As I said, how I came to creating this thread, is just reading about music and listening to it. My thoughts largely accord with Xaltotun's post earlier here. I was listening to and reading about J.S. Bach's solo cello suites, and the musician playing the pieces on this Australian recording, Michael Goldschlager, talks about how these works are like a combination of the sublime and mundane (or banal, I forget his exact words, but that is the gist). In terms of these pieces incorporating popular dance forms of Bach's time but also his innovations with counterpoint and multiple voicings on the one instrument. And many other things. I think Mr. Goldschlager makes sense to me, listening to these works. There are catchy tunes there (esp. the gigue movements, which can quickly become earworms!) to the long drawn out sarabandes, esp. in the last two suites which were likened by Rostropovich to being symphonies for solo cello (well the 6th one at least, but the 5th is similarly expansive).

These are my thoughts, and I think this can be applied to a lot of the music I listen to. I was just listening to some cabaret songs of William Bolcom, Schoenberg and Satie and there were similarly both sublime and banal, or what you'd call that, in those songs.

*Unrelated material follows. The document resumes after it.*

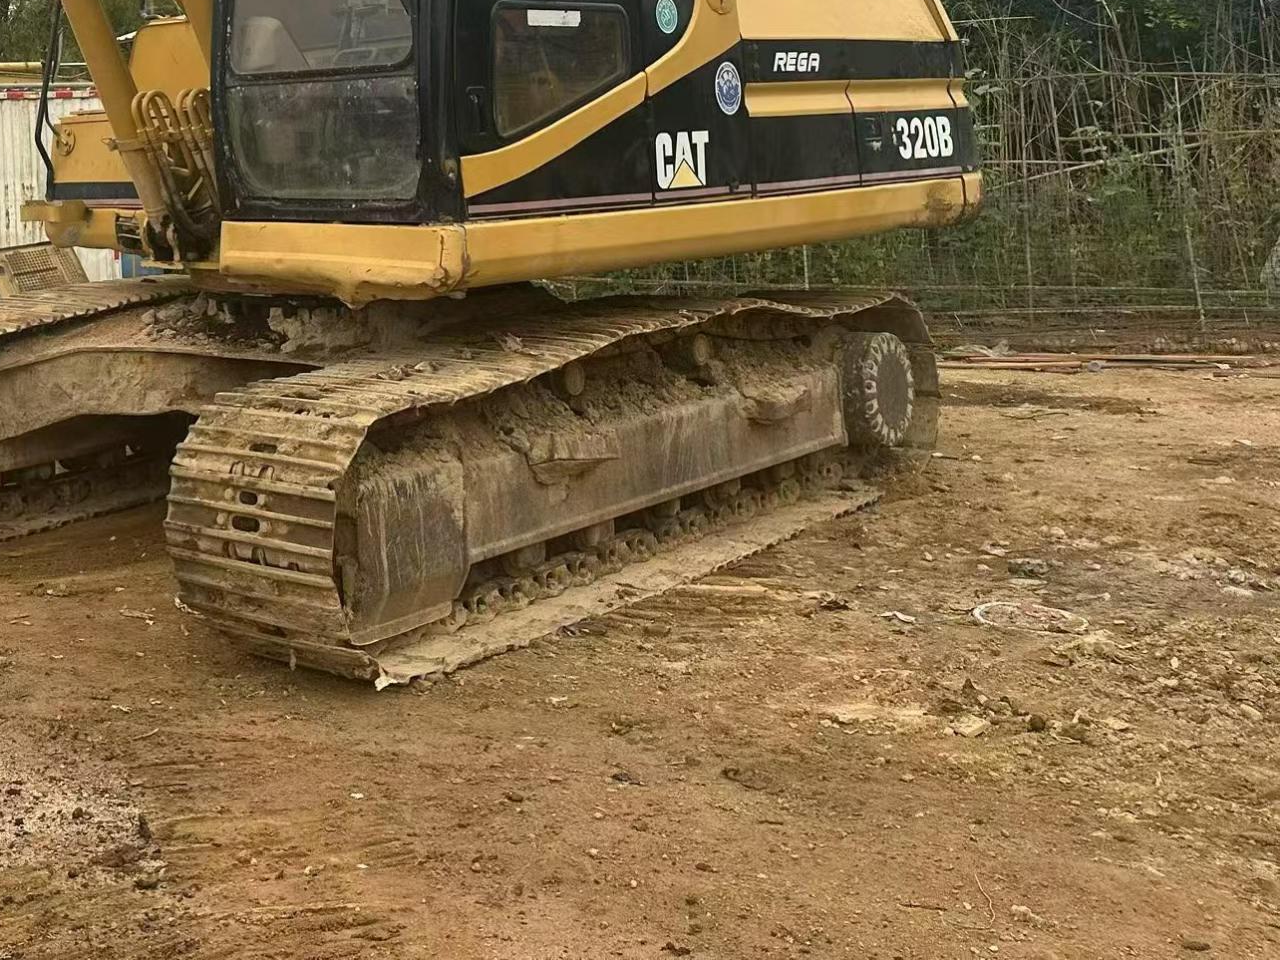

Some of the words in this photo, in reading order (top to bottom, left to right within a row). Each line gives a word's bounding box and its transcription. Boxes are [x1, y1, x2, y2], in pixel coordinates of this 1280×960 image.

[773, 51, 820, 72] REGA
[655, 130, 709, 189] CAT
[896, 116, 954, 160] 320B

Esp. nuanced the way they deal with animating the texts, but also with a certain down to earth feeling.

I will return but I agree with Rasa's sentiments above, let's not get too bogged down in semantics, lets get to the nitty gritty, and don't be afraid to give examples esp. with regards to music that you've been listening to lately...


----------



## HarpsichordConcerto (Jan 1, 2010)

Sid James said:


> ... I didn't mean to lock down the debate to be just around these two words.
> 
> ... let's not get too bogged down in semantics, lets get to the nitty gritty, and don't be afraid to give examples esp. with regards to music that you've been listening to lately...


I agree entirely. I was even the first one to give examples, while not many other replies thus far have.


----------



## Polednice (Sep 13, 2009)

Scarpia said:


> Is there anything that *isn't* a combination of the sublime and the mundane? I'm one of the sort lacking imagination who looks up words in the dictionary. Mundane means of the world and sublime means beyond the world. Two mutually exclusive categories which together include everything. How is it possible to define something which isn't a combination of mundane and sublime, at least if we include the limit of sublime fraction approaching zero?


See, Sid, you made me waste my time on a pointless post. Define these words now, good man, before I am forced to challenge you to a duel!


----------



## Polednice (Sep 13, 2009)

I'm tired and am being childish. Away with me, I say!


----------



## Sid James (Feb 7, 2009)

^^As I said, it basically boils down to a combination of the ordinary and the extraordinary. My last post above gives more detail & examples. I want this discussion to not necessarily revolve around my response to that opening statement but what you all think of it, how you see it, agree/disagree/middling, etc...


----------



## HarpsichordConcerto (Jan 1, 2010)

Now, there is another side to this, which is the deliberate combination of "ordinary" and extraordinary. Good examples include pieces written for more than one player in mind of different virtuosity in the one piece, requiring virtuosic and ordinary (i.e. not virtuosic) parts. For example, Mozart's concerto for three pianos, K242 where the third piano part is rather ordinary, originally composed for the daughters of one of his students or his students (I can't remember which). Likewise with say, Bach's _Brandenburg_ #6 where one of the viola da gamba parts was written for his boss, who was a keen but amatuer viol player. Though these pieces as a whole are of course, not mundane.


----------



## Jeremy Marchant (Mar 11, 2010)

Sid James said:


> Discuss this statement, in relation to classical music -
> 
> All music is a combination of the sublime and the mundane.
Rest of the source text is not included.